So-called lubricant-infused surfaces (LISs), which consist of a microporous surface infused with a thin oil layer, promote dropwise condensation, and can lead to smaller and more efficient energy and water harvesting systems. However, the widespread implementation of LISs in commercial applications is limited by an incomplete understanding of droplet-lubricant interactions, in particular droplet nucleation, growth, and mobility when interacting with the thin oil layer. The goal of this project is to elucidate these dynamics and to study their influence on condensation heat transfer rates. This research project aimed at providing a comprehensive understanding of the relationship of heat transfer, phase change, and fluid dynamics during condensation on lubricant-infused surfaces. It overcame previous limitations that hindered the direct observation and quantification of nucleation and heat transfer during dropwise condensation by combining high-speed imaging with high-resolution microscopy. Basic mathematical modeling complemented experiments to develop predictive tools and design criteria for condensation heat transfer enhancements. Two major findings of this project are discussed in more detail below. Furthermore, this project fostered interest in science and helped overcome the barriers for women and underrepresented minorities entering the field of engineering via outreach programs for black middle school children and research opportunities for undergraduate students.

Intellectual Merit:

LISs can be divided into lubricant-rich and lubricant-poor regions, which redistribute dynamically during condensation. Previously, we had shown that microdroplets can passively self-propel large distances due to overlapping oil menisci and resulting attractive capillary forces.
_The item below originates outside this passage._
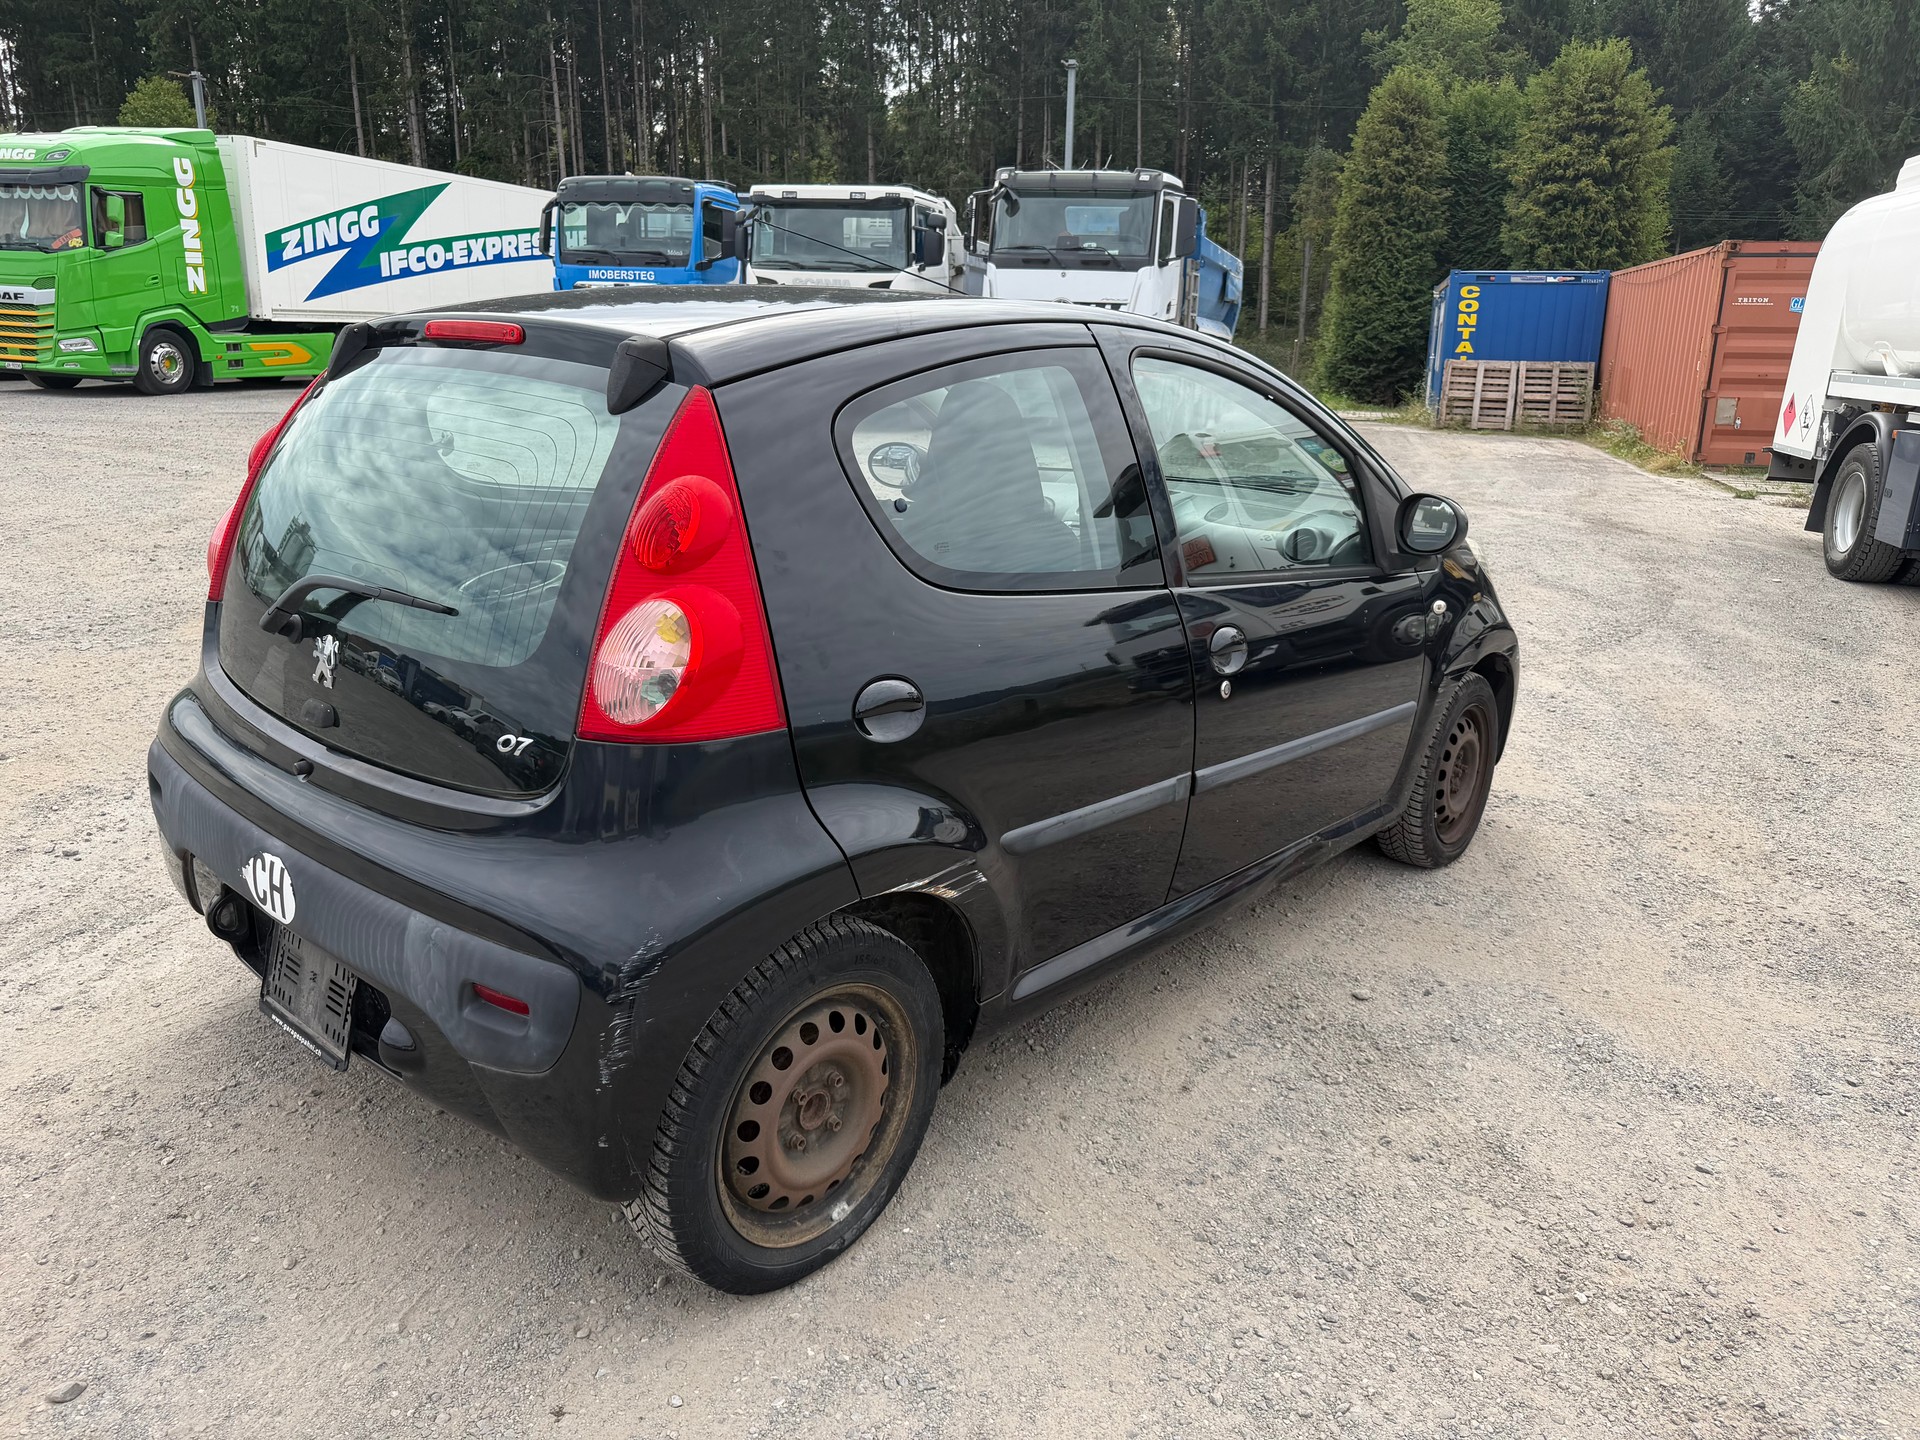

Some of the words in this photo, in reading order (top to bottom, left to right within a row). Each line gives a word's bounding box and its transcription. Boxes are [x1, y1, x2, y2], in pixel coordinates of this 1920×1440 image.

Here, we hypothesized that the high droplet mobility and high sweeping frequencies enhance the nucleation rate density, which takes into account spatial and temporal information, and water collection rates on LISs compared to traditional solid hydrophobic surfaces. When comparing different LISs, the lowest lubricant viscosity always led to the highest nucleation rate density, as expected, due to lower friction. Interestingly and unexpectedly, however, we found that solid hydrophobic surfaces outperform high-viscosity LISs at high subcooling temperatures, but are generally inferior to any of the tested LISs at low temperature differences. To explain the observed non-linearity between LISs and the solid hydrophobic surface, we introduced two dominant regimes that influence the condensation efficiency: mobility-limited at lower vapor temperatures and coalescence-limited at higher vapor temperatures.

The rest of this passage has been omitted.